Rand Paul: Just another Republican tightwad

rand-paul-foreign-policy-south-carolina-uss-yorktown1-aThere are some outside the Republican camp who want to believe that Rand Paul may be a little bit of fresh air from a party that is considered to be either stodgy or extreme. With his father, Ron, being the best known Libertarian in the United States, Rand is seen by some as a respecter and protector of individual liberties. But do not be confused: The rights that he wants to protect are those of the gun owner who wants to carry weapons most anywhere. He also favors the rights of the business owner who wants to withhold his goods and services from people he doesn’t like, such as LGBTs. He certainly is nowhere close to championing the rights of women to control their reproductive decisions, or helping the poor with programs to redistribute income.

Rand Paul did something that no other Republican did; he came to Ferguson, Missouri, scene of the August 9, 2014 shooting of unarmed Michael Brown by Officer Darren Wilson and the subsequent protests and riots. Paul did more than gawk; he met with protestors and actually tried to listen to their grievances.

But we all know that money talks, and that is where Paul’s ideas are a non-starter. As the Washington Post reported on April 10 following Paul’s presidential announcement:

The first policy proposal Rand Paul announced in his big speech declaring his presidential campaign this week was an old-fashioned plan for the federal budget. The Republican senator from Kentucky wants to amend the Constitution to require a balanced federal budget every year.

It’s an old saw. For decades, Congressional Republicans have been carping for a balance budget. They were obviously absent the day that the British economist John Maynard Keynes explained to Franklin Roosevelt and all Americans that a balanced budget can often stifle the growth needed to jump-start a lagging economy. Keynes’ contention was rather straightforward: The federal government has the power to borrow money when necessary, and it should use that power to fund programs to help the unemployed and the poor. As these people get back to work, they will pay taxes that can re-balance the budget.

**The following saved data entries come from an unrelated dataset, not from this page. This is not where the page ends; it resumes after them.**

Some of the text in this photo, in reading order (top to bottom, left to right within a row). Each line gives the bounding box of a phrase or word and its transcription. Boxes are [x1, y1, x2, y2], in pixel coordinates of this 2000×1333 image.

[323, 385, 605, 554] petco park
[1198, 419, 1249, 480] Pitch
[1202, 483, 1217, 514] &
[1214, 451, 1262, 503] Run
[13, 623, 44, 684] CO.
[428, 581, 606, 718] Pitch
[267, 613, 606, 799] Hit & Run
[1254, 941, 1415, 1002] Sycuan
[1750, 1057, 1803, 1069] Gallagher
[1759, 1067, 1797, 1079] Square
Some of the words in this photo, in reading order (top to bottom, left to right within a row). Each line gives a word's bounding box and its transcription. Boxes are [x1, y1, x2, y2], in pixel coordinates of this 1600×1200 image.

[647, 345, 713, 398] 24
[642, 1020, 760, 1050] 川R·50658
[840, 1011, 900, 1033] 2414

Some eighty years later, we have learned that even if we are not able to rebalance the budget in the short-run, we are none the worse for wear.

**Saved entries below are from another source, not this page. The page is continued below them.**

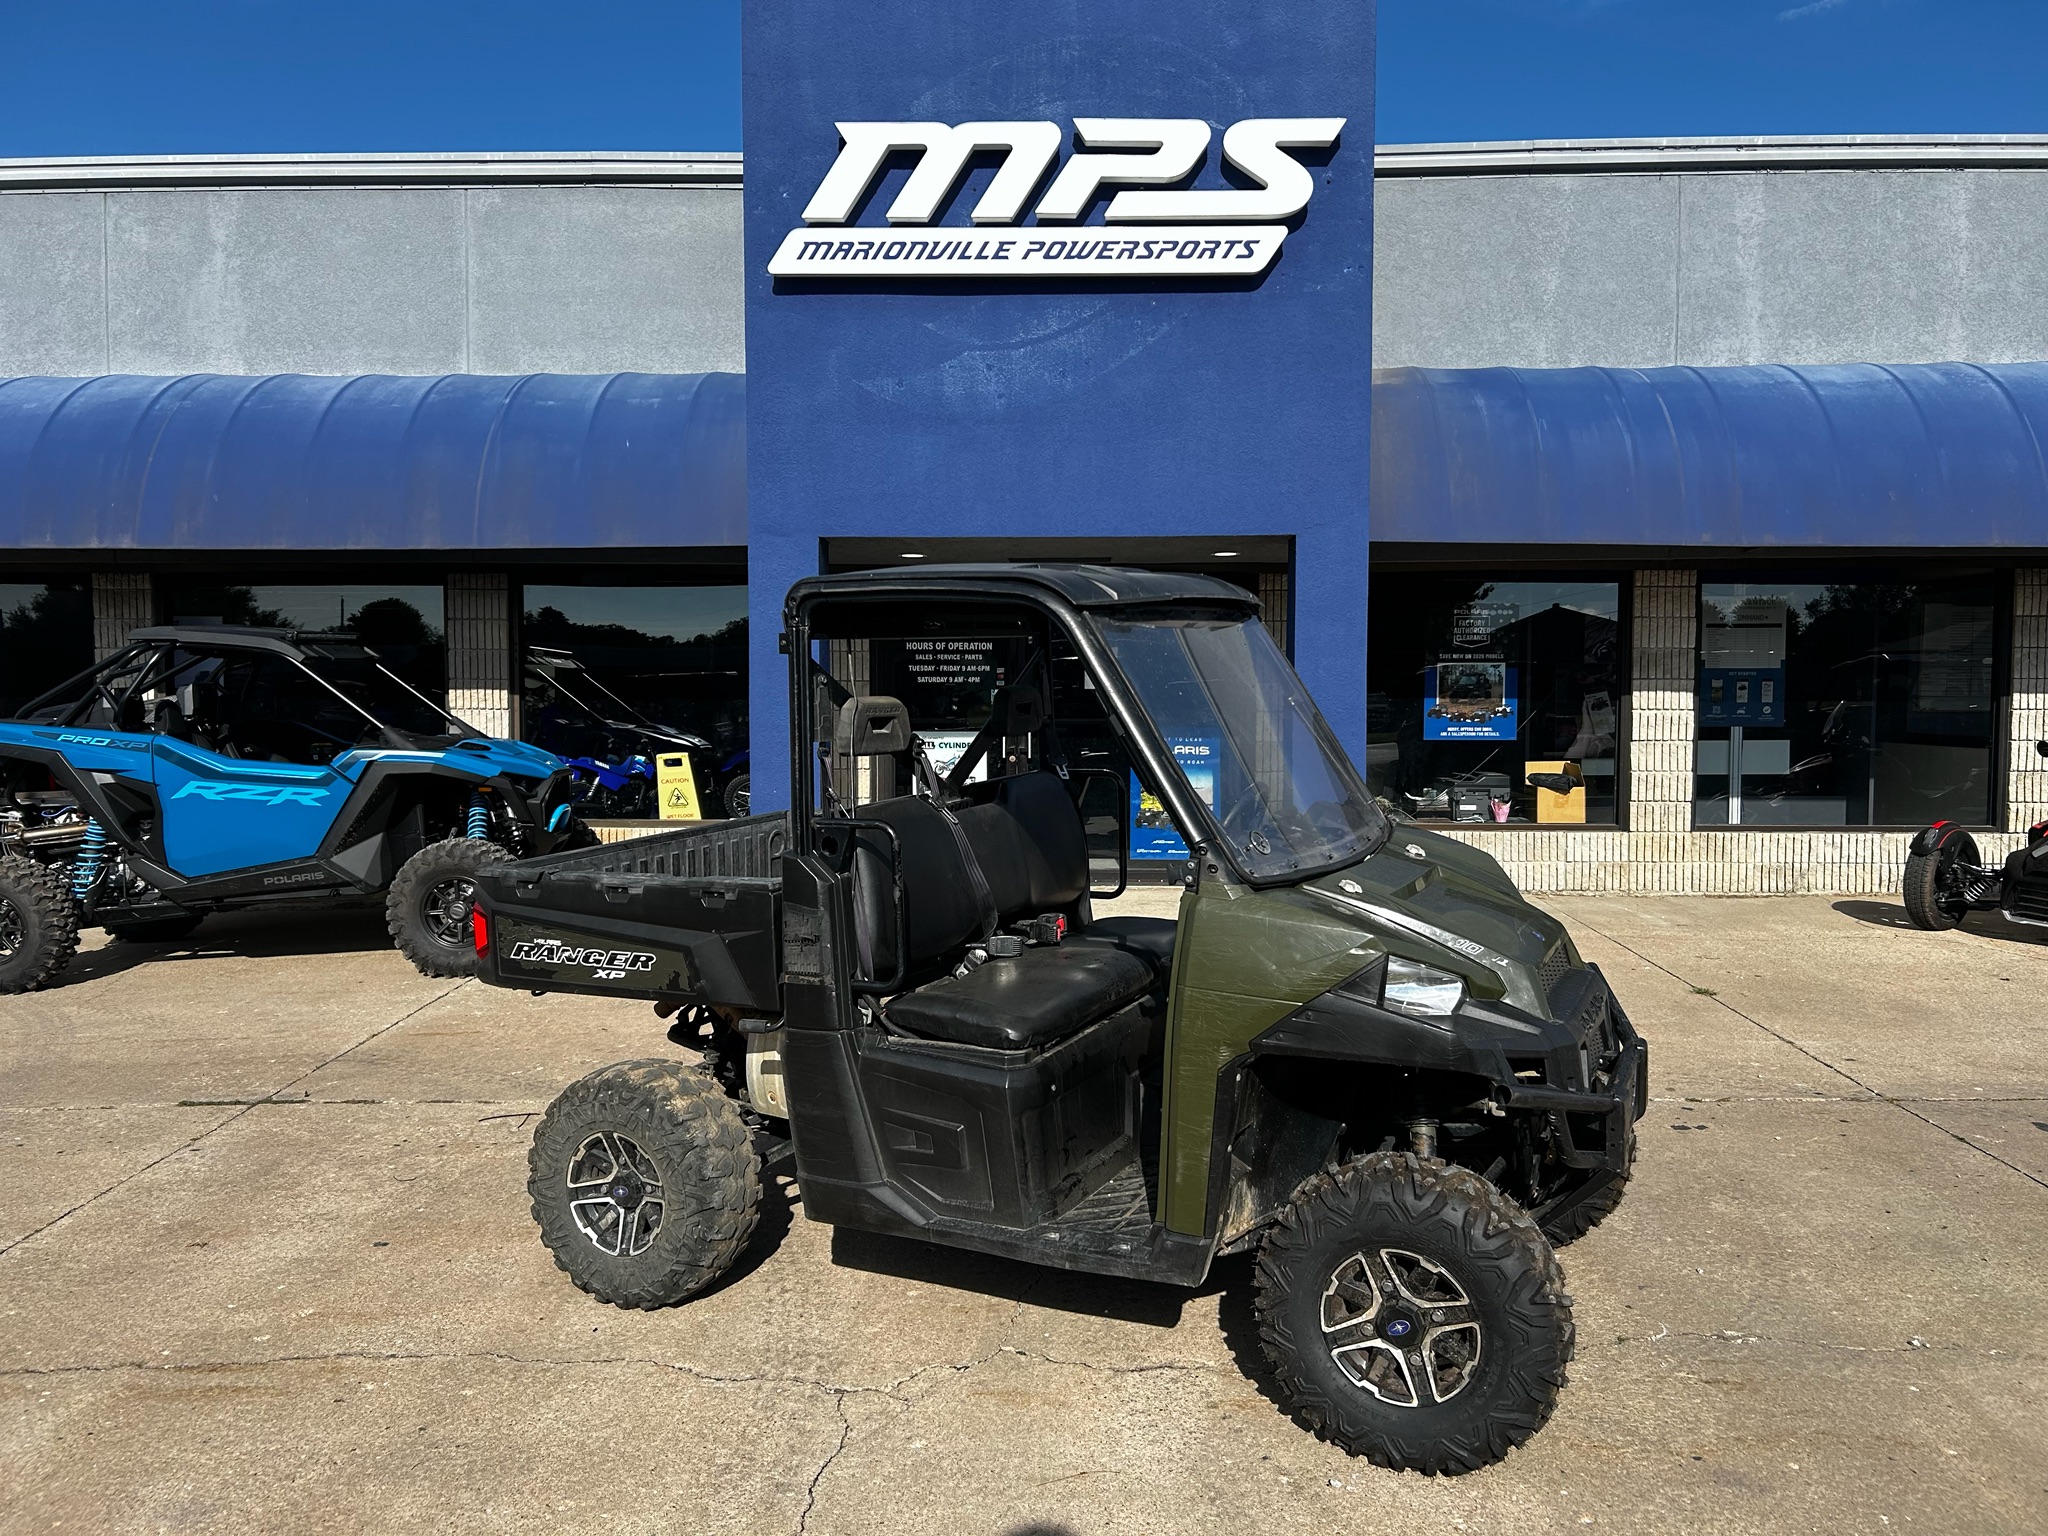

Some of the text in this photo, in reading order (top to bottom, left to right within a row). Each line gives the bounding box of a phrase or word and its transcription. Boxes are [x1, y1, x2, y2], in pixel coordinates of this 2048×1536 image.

[801, 117, 1347, 223] MPS
[796, 239, 1261, 261] MARIONVILLE POWERSPORTS
[906, 642, 993, 650] HOURS OF OPERATION
[864, 706, 902, 716] RANGER
[57, 734, 148, 749] PRO XP
[1171, 745, 1211, 756] ARIS
[660, 777, 690, 785] CAUTION
[170, 780, 331, 807] RZR
[263, 871, 325, 886] POLARIS
[510, 942, 656, 972] RANGER
[592, 968, 627, 980] XP

What Franklin Roosevelt and a Democratic Congress did during the New Deal was to borrow to create a variety of agencies that provided job opportunities as well as an economic safety net, namely Social Security. Granted, the big spike in employment did not occur until the U.S. entered World War II, but the mechanism was in place to have government take action that gave a higher priority to helping people, rather than balancing a budget.

When Rand Paul says that he supports a balanced budget, he is really saying the following: “Because we can’t raise taxes on the wealthy, because they are the job-creators of our economy, our only choice is to cut spending if we are to balance the budget.” So let us count the ways in which he would cut the money:

  1. Maybe some military spending, because he had previously hinted that he thought this was a good idea, but after he had a big rally in the shadow of a huge aircraft carrier, it seems that military cuts are off the table.
  2. Cutting Social Security
  3. Cutting Medicare
  4. Cutting infrastructure spending
  5. Cutting spending on consumer safety.
  6. Cutting spending on the National Institutes of Health and the Centers for Disease Control
  7. Cutting spending for the Consumer Financial Protection Bureau
  8. Cutting spending for air traffic controllers
  9. Cutting spending for the WIC (Women, Infants, and Children) program
  10. Cutting spending for school lunches

Just this one position by Rand Paul, his support for a balanced budget amendment, show us that he has the mean streak of so many other Republicans and has a callous disregard for people with real needs, particularly economic needs.

Don’t let that edgy part of Rand Paul fool you. Yes, he’s a little bit “anti-establishment,” as most free-thinking people would be. Yes, he has expressed greater reservations about going to war than most other politicians. But when you get down to the particulars of his ideas, he is just another Republican tightwad who holds hostage the needs of the hundreds of millions of Americans who are either poor or in the stagnant middle class. If you want “change you can believe in,” cross him off your list.